**Records supplied:**
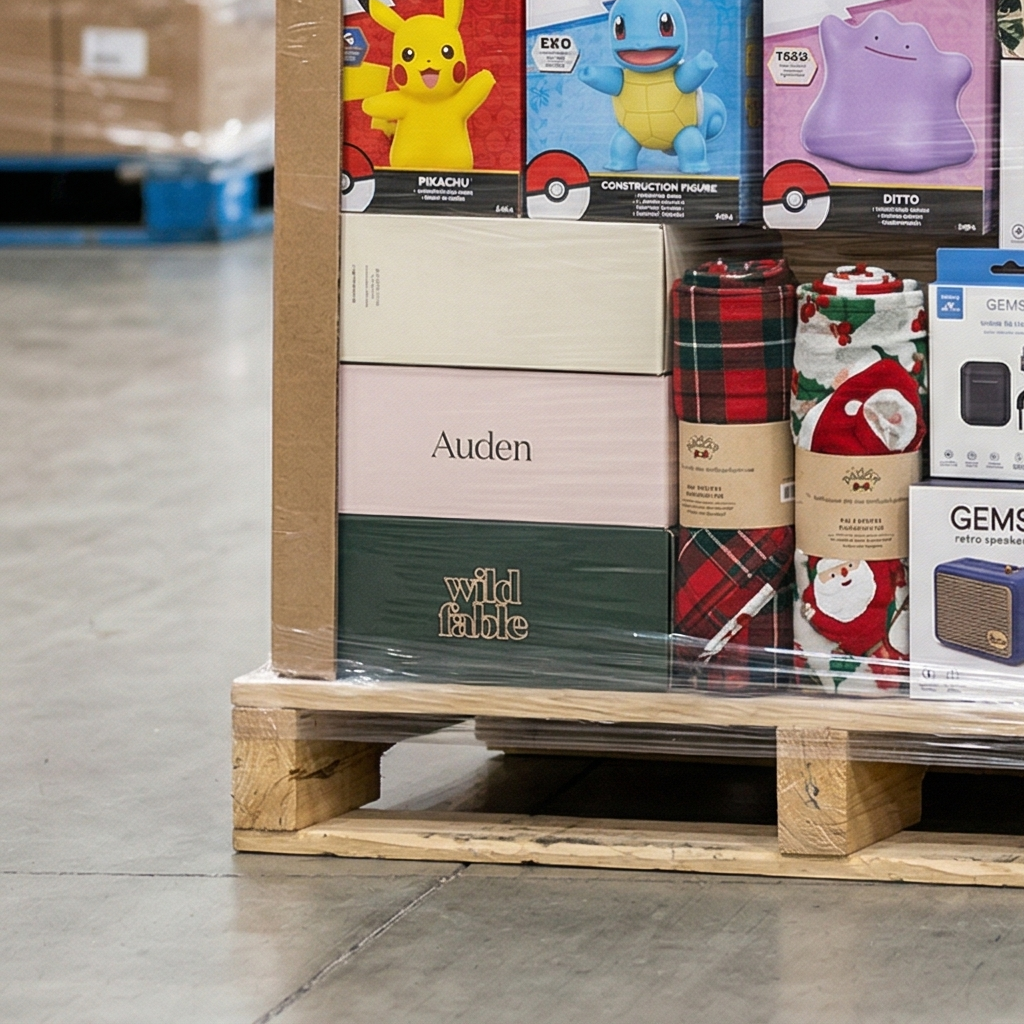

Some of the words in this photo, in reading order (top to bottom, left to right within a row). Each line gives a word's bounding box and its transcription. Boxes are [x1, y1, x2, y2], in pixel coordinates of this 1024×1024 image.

[418, 176, 470, 188] PIKACHU
[600, 180, 679, 193] CONSTRUCTION
[883, 193, 920, 205] DITTO
[431, 430, 532, 462] Auden
[955, 535, 982, 545] retro
[443, 566, 522, 606] wild
[438, 602, 529, 641] fable
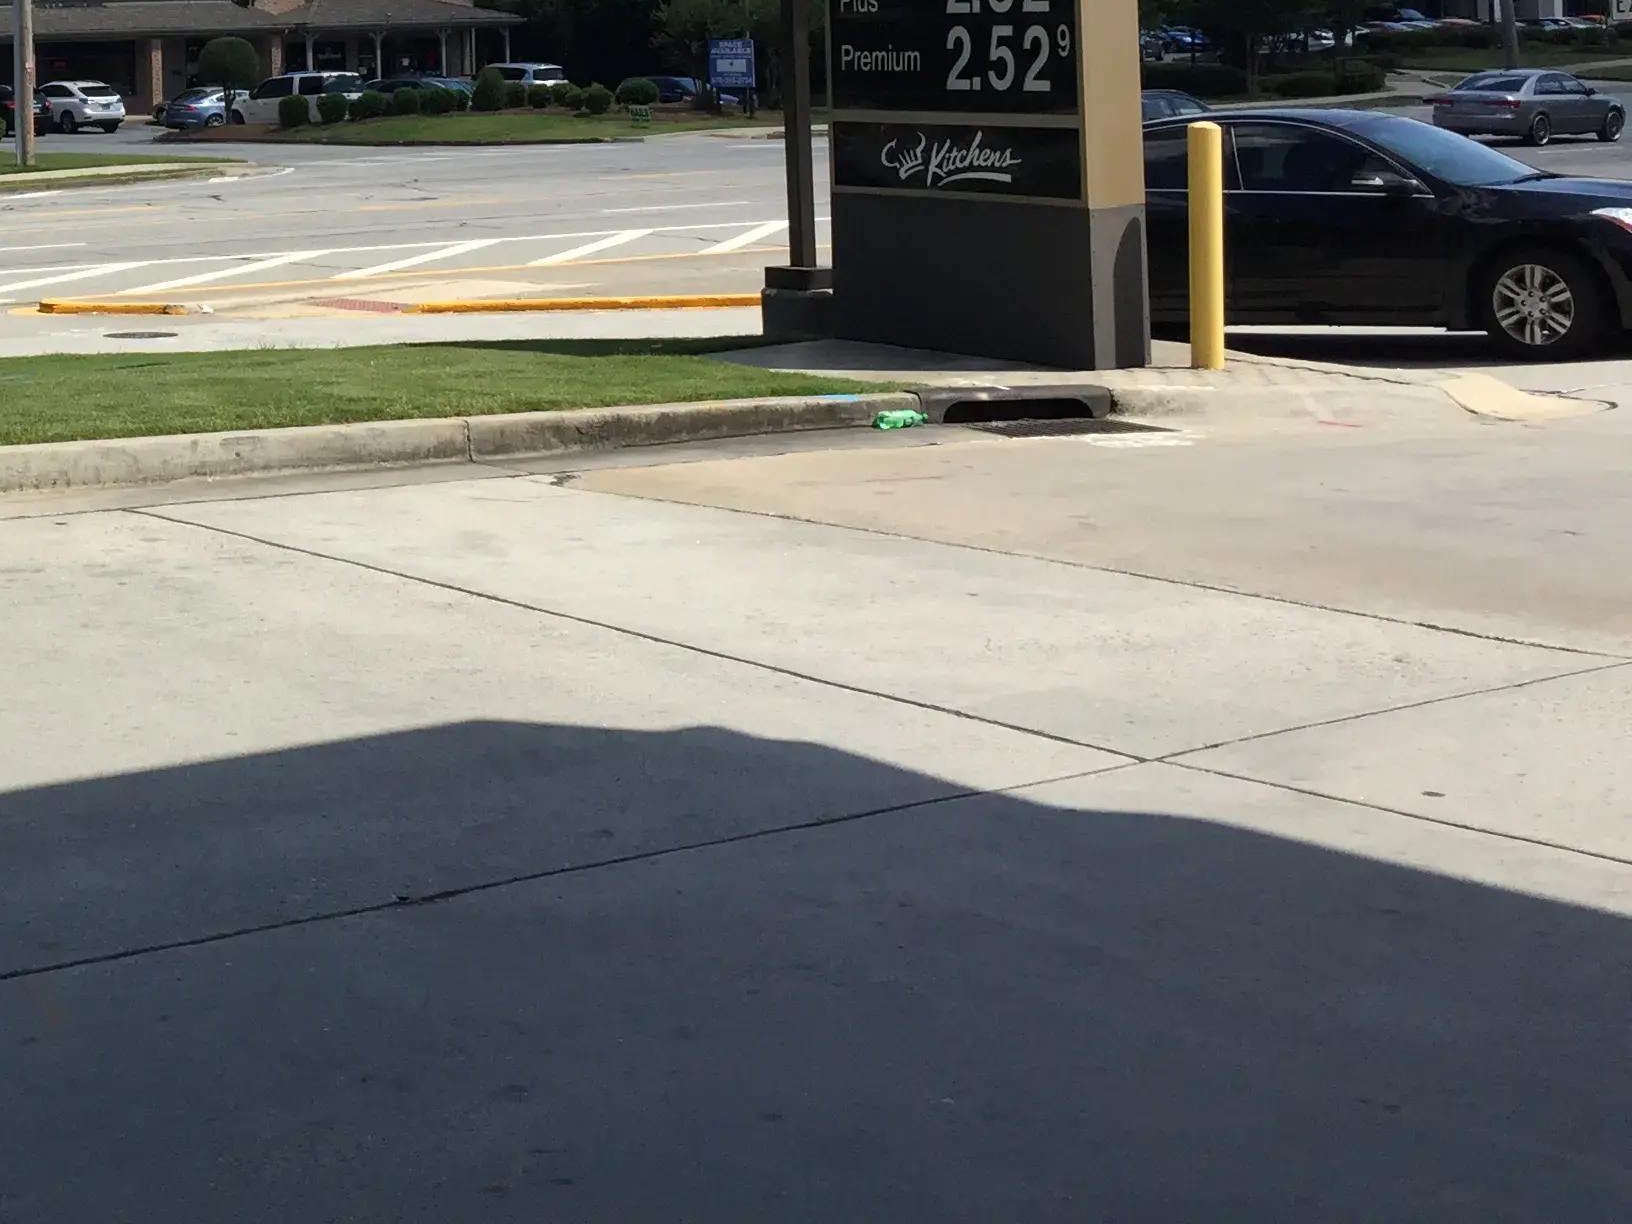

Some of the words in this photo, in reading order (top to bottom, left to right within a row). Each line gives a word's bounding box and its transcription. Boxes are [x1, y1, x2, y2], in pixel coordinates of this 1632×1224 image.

[841, 44, 921, 72] Premium
[946, 25, 1051, 92] 2.52
[927, 130, 1023, 187] Kitchens
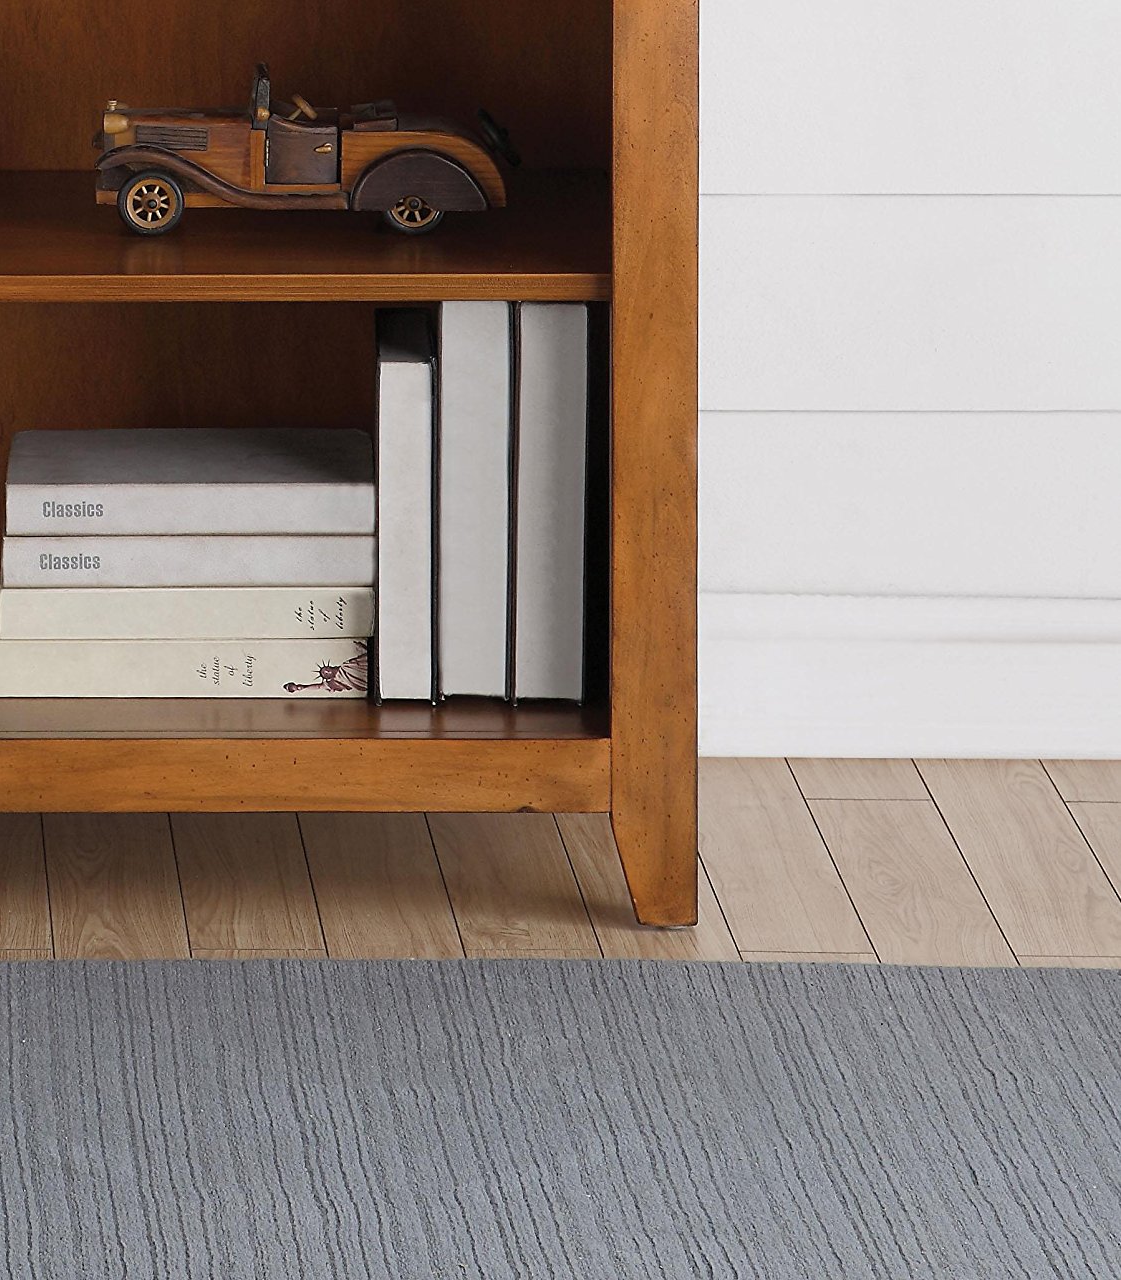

**Task item:**
Every line of the material should be repeated precisely; pictures are to be excluded.

**Task solution:**
Some of the words in this photo, in reading order (top to bottom, left to right within a row). Each line gives a word's bounding box and its transcription. Boxes are [x1, y1, x2, y2], in pixel coordinates of this 1024×1024 image.

[418, 176, 470, 188] PIKACHU
[600, 180, 679, 193] CONSTRUCTION
[883, 193, 920, 205] DITTO
[431, 430, 532, 462] Auden
[955, 535, 982, 545] retro
[443, 566, 522, 606] wild
[438, 602, 529, 641] fable

Some of the words in this photo, in reading order (top to bottom, left to right within a row). Each line gives a word's bounding box and its transcription. Boxes are [x1, y1, x2, y2], in pixel coordinates of this 1632×1224 image.

[841, 44, 921, 72] Premium
[946, 25, 1051, 92] 2.52
[927, 130, 1023, 187] Kitchens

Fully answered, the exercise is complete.